Zoom sur la filière cacao en Équateur
Lors de l’assemblée générale, des interventions ont permis de cerner la filière cacao équitable équatorienne, avec Rosa Perez, responsable qualité de la fondation Kaoka, et Victor Leon, gérant de Cecao. Pour eux, l’enjeu du cacao en Équateur se situe au niveau des variétés. La filière équitable, qui regroupe sept coopératives dans le pays, veut promouvoir les variétés dites “nationales”. Or, les préserver et les faire adopter par les producteurs représentent un gros challenge, face à la variété de cacao hybride “CCN”, beaucoup plus productive mais aussi beaucoup plus gourmande en eau et moins qualitative.

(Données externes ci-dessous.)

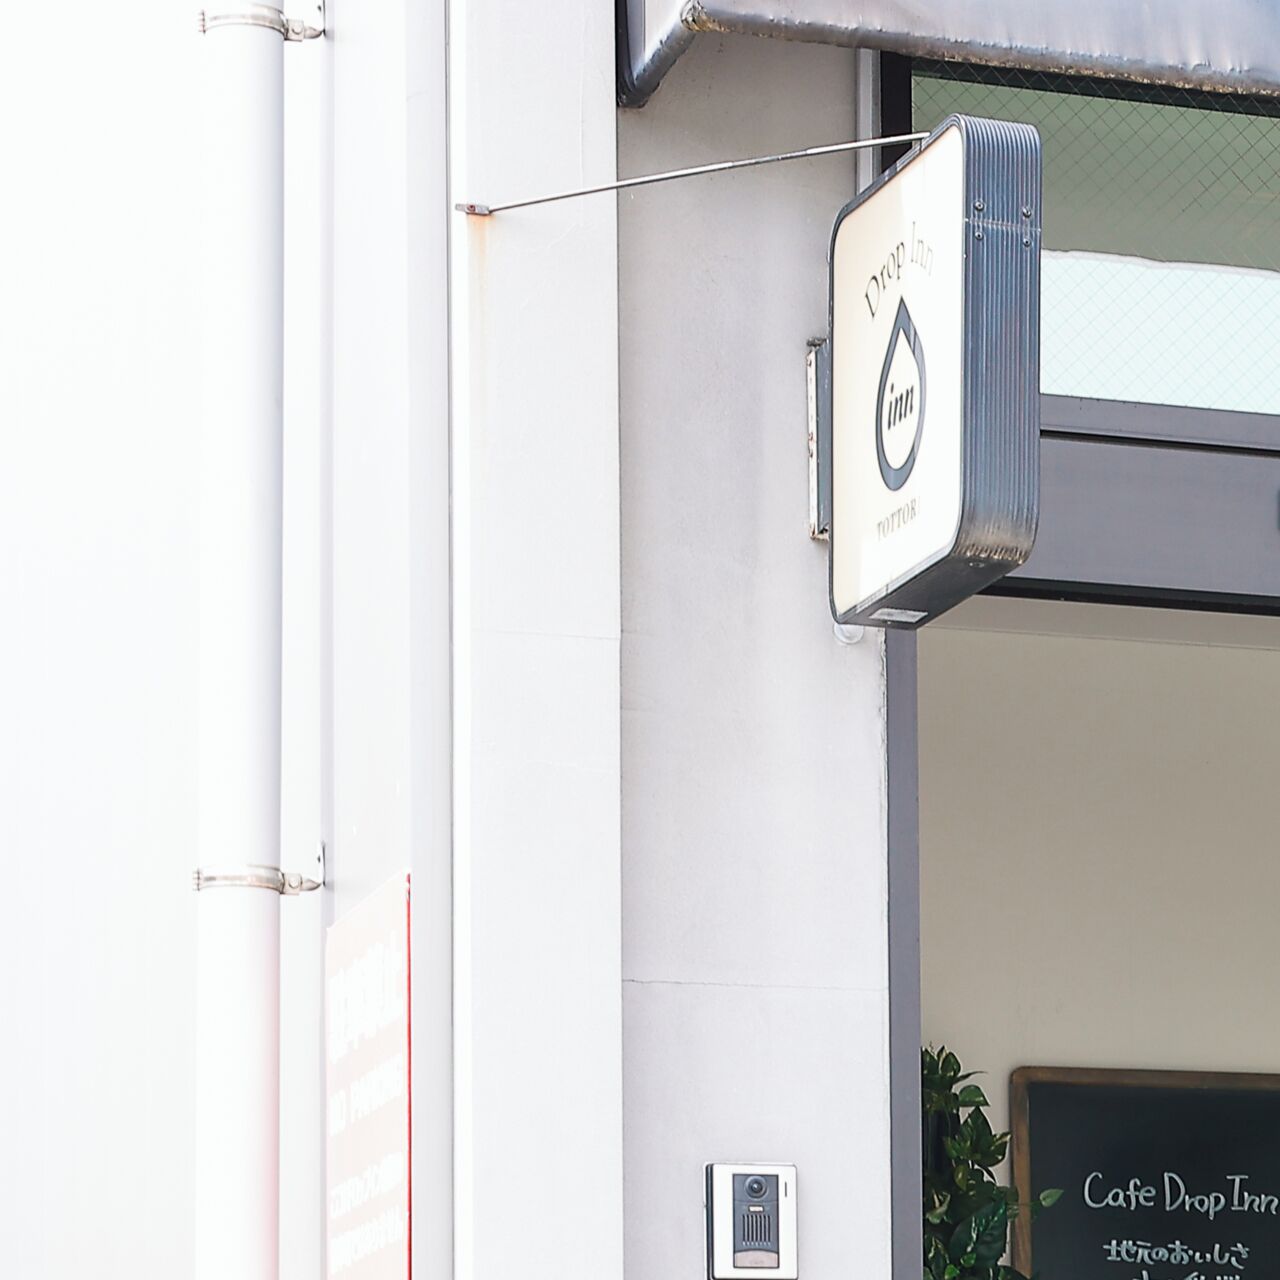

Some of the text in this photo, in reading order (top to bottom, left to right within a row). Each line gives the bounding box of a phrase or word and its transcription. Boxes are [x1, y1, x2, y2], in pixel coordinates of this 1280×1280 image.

[864, 220, 934, 319] Drop Inn
[886, 382, 915, 430] inn
[1083, 1171, 1280, 1221] Cafe Drop Inn
[1102, 1239, 1250, 1270] 地元のおいしさ
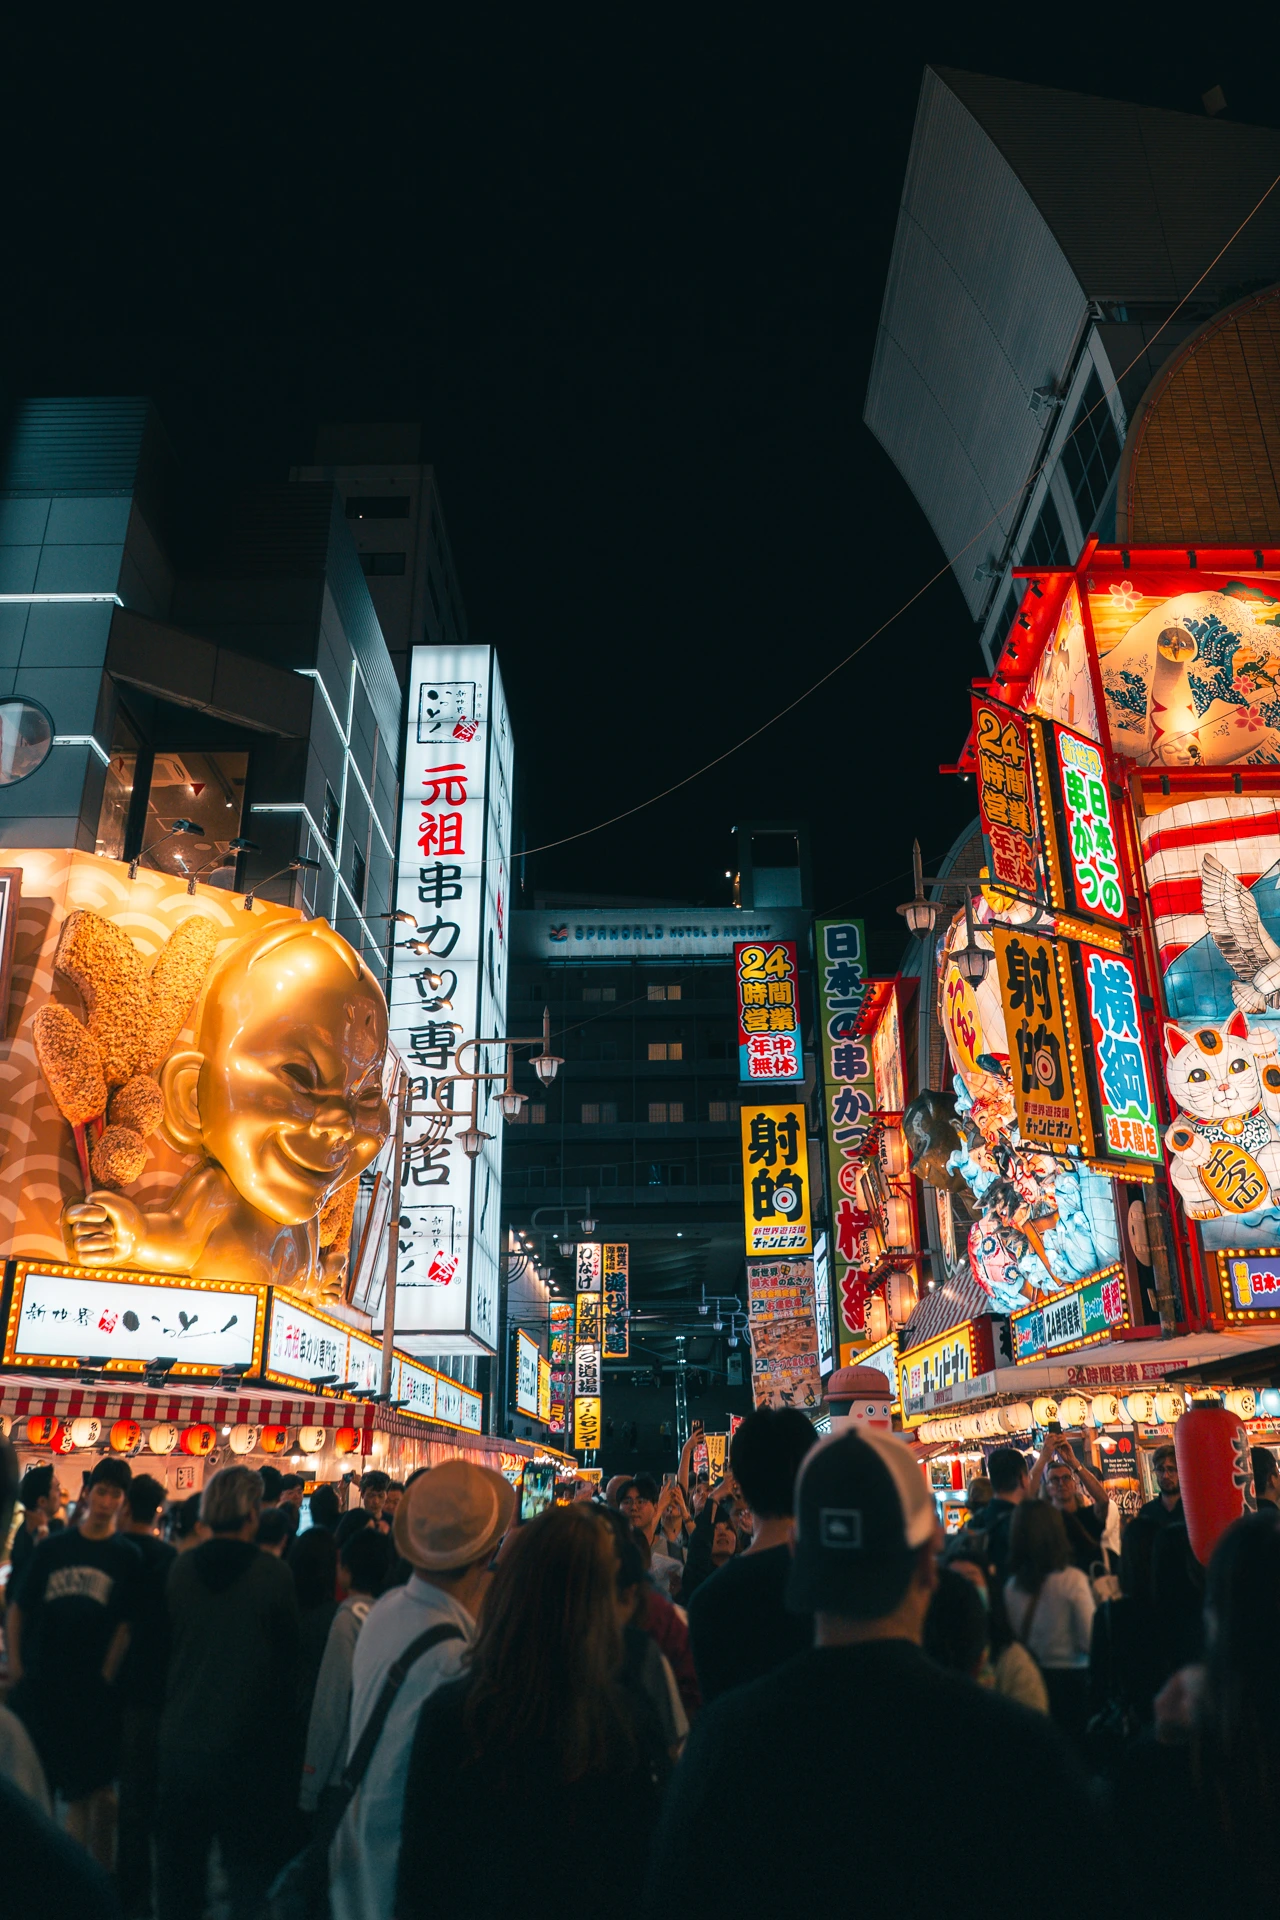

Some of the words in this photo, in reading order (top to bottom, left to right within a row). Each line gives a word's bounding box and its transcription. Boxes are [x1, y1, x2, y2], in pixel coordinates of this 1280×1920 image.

[977, 708, 1026, 766] 24
[1061, 733, 1102, 777] 新世界
[980, 752, 1027, 800] 時間
[982, 787, 1033, 838] 営業
[1064, 769, 1100, 907] 串かつ
[1087, 778, 1122, 916] 日本一の
[739, 945, 792, 979] 24
[742, 981, 793, 1006] 時間
[743, 1007, 796, 1033] 営業
[1005, 939, 1064, 1101] 射的
[1089, 957, 1150, 1117] 横綱
[750, 1035, 795, 1056] 年中
[750, 1056, 798, 1077] 無休
[1023, 1101, 1071, 1120] 新世界遊技場
[1025, 1117, 1073, 1139] チャンピオン
[1109, 1117, 1158, 1156] 通天閣店
[748, 1112, 804, 1222] 射的
[753, 1226, 807, 1237] 新世界遊技場
[753, 1236, 808, 1249] チャンピオン
[579, 1246, 594, 1289] わなげ
[751, 1267, 779, 1278] 新世界
[1251, 1273, 1280, 1293] 日本
[1045, 1300, 1081, 1343] 24時間営業
[1067, 1363, 1140, 1385] 24時間営業
[579, 1400, 598, 1447] ゲームセンター

Parmi la cinquantaine de variétés nationales existantes, trois ont été retenues, notamment pour leur arôme, mais aussi pour leur rusticité. Les intervenants ont expliqué comment développer ces variétés, dans ses aspects techniques et notamment le développement de plants sélectionnés vendus à prix coûtant aux agriculteurs. Si la filière équitable Kaoka est à terme plus rémunératrice, un travail de sensibilisation et d’information est nécessaire, pour en expliquer les enjeux, par exemple la préservation des sols. Enfin, les variétés nationales préférant l’ombre, elles permettent sur une même parcelle la culture de plantes alimentaires, comme le bananier ou le manguier.